Work

When a force is applied to an object and that object moves, work is performed. The work performed from moving an object from position $\vec{r}_1$ to position $\vec{r}_2$ is,

$\large W = \int \limits_{\vec{r}_1}^{\vec{r}_2} \vec{F}\cdot d\vec{r}$ [J].

The units of work are Joules, the same as for energy. If a machine has to perform a certain task, the work associated with that task can be calculated to determine how much energy will be needed to perform that task. Power measured in Watts is the amount of Joules of energy needed per second. By calculating the work associated with a certain task and dividing this by the time needed to complete the task, the power requirement can be determined.
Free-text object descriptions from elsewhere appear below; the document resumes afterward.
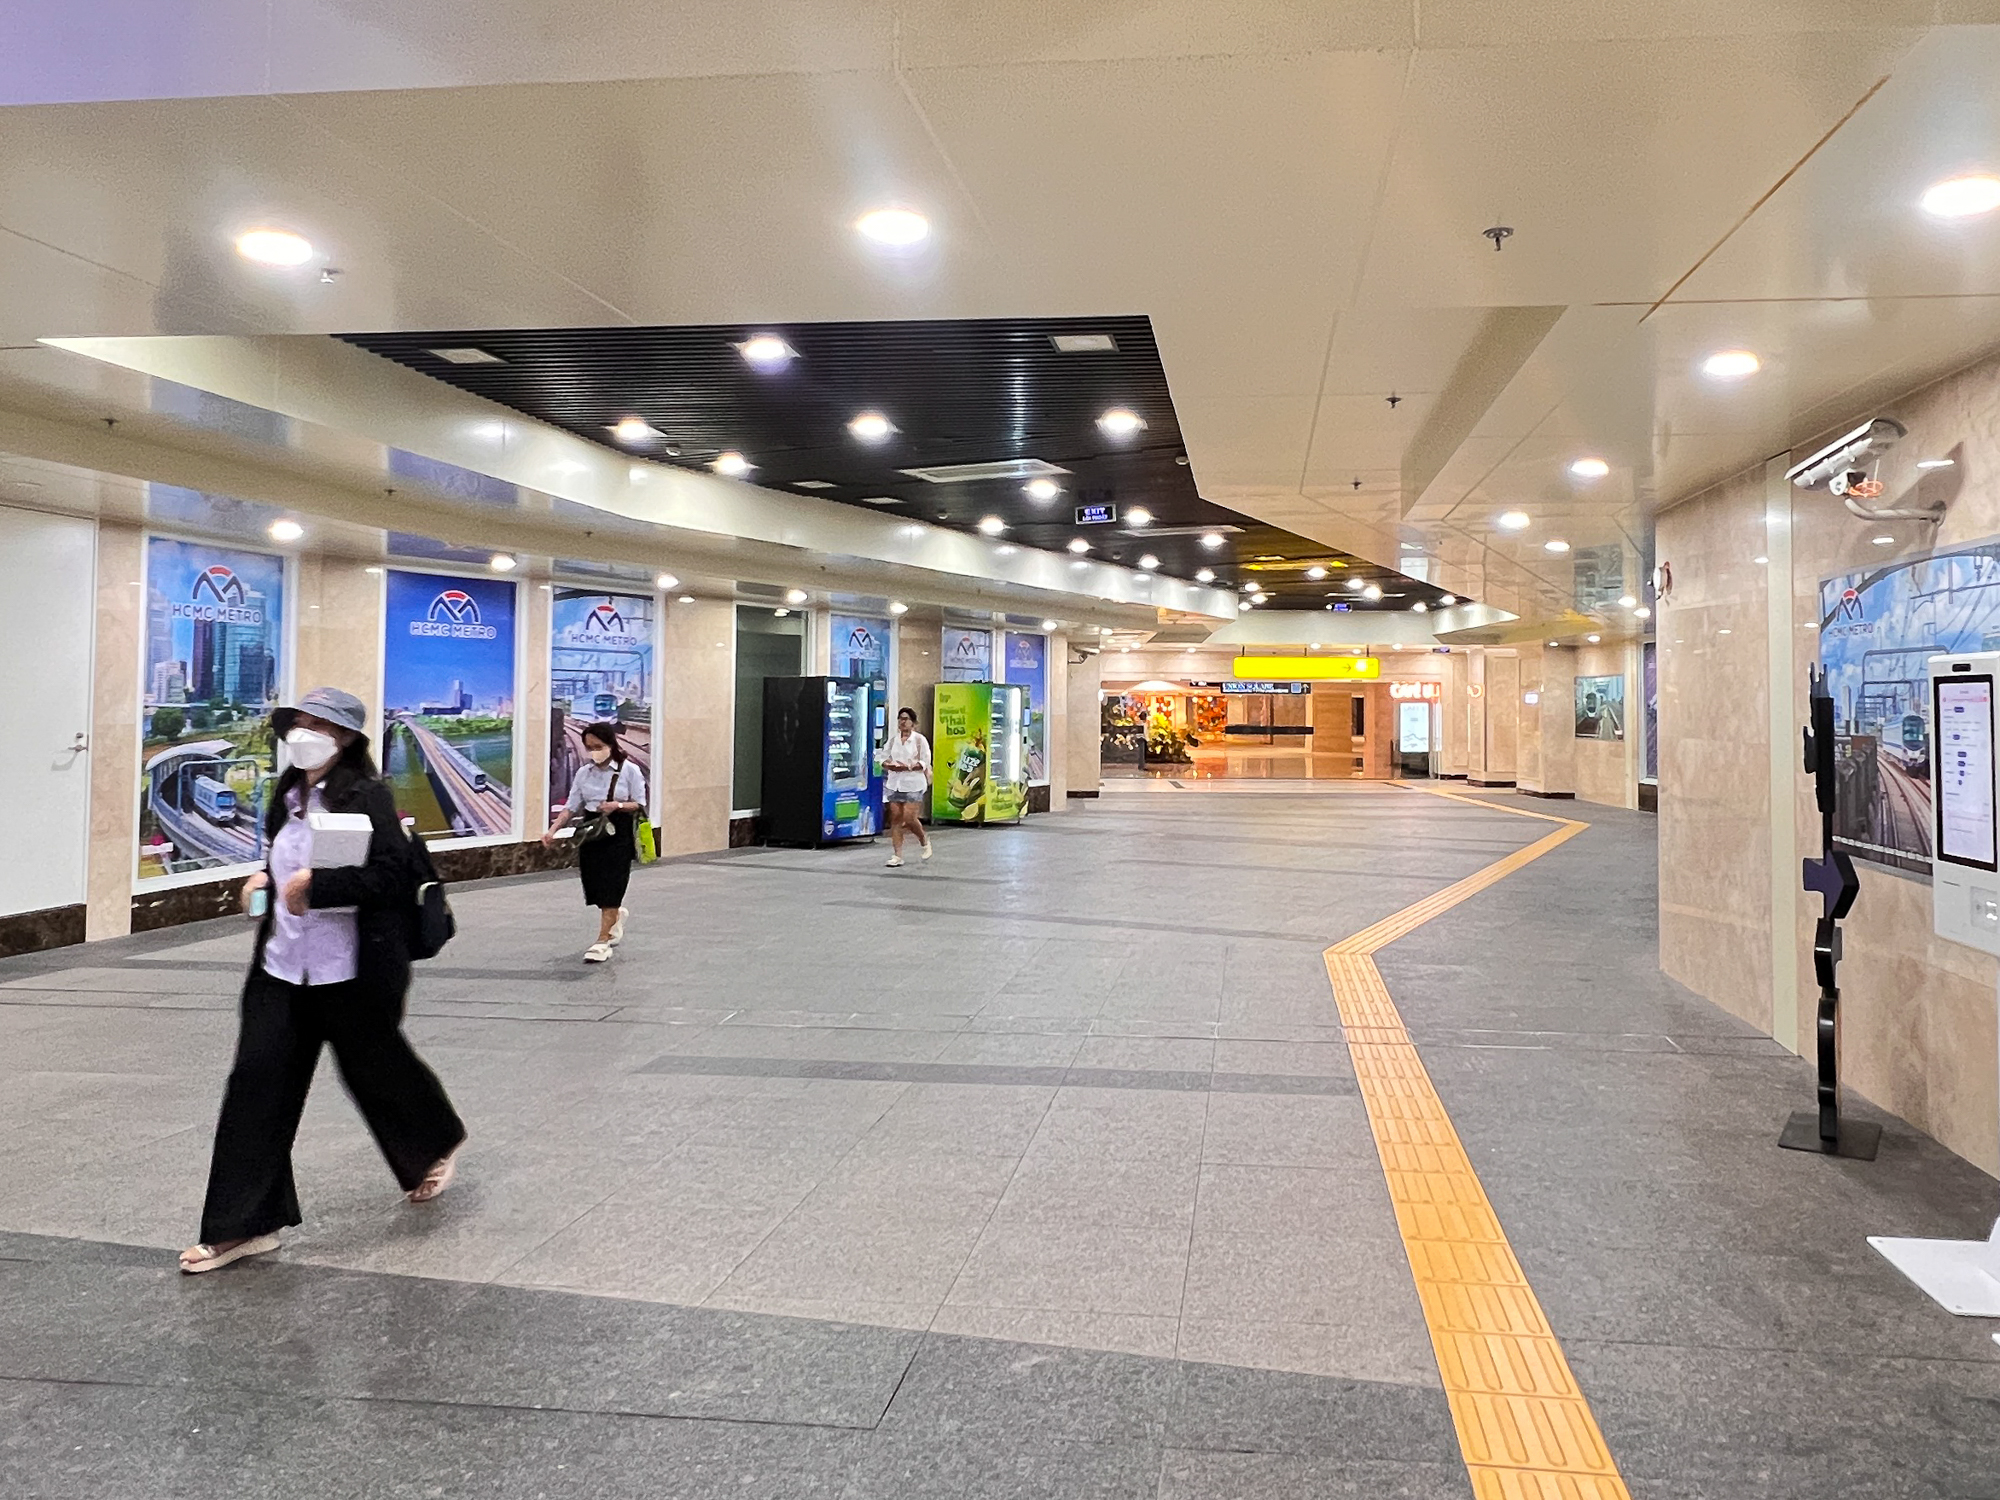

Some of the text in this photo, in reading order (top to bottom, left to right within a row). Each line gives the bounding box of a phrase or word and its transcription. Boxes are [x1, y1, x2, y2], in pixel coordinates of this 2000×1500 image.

[1084, 507, 1105, 516] EXIT
[172, 604, 262, 623] HCMC METRO
[410, 622, 497, 639] HCMC METRO
[1849, 623, 1874, 636] METRO
[571, 633, 638, 646] HCMC METRO
If the force is constant, it can be taken out of the integral,

$\large W = \vec{F}\cdot\int \limits_{\vec{r}_1}^{\vec{r}_2} d\vec{r}=\vec{F}\cdot(\vec{r}_2-\vec{r}_1)$ [J].

In this case, the work is just the scalar product of the force and the distance that the object has moved. If the force is a function of position, the integral has to be evaluated. The scalar product in the definition of work can be written out as the sum of three integrals,

$\large W = \int \limits_{\vec{r}_1}^{\vec{r}_2} \vec{F}\cdot d\vec{r}= \int \limits_{x_1}^{x_2} F_xdx + \int \limits_{y_1}^{y_2} F_ydy + \int \limits_{z_1}^{z_2} F_zdz$ [J].

Each of these integrals must be evaluated. There is an app for evaluating such integrals numerically.

The work is positive if the object moves in the direction that the force is pushing. It is negative if the object moves in the opposite direction that the force is pushing.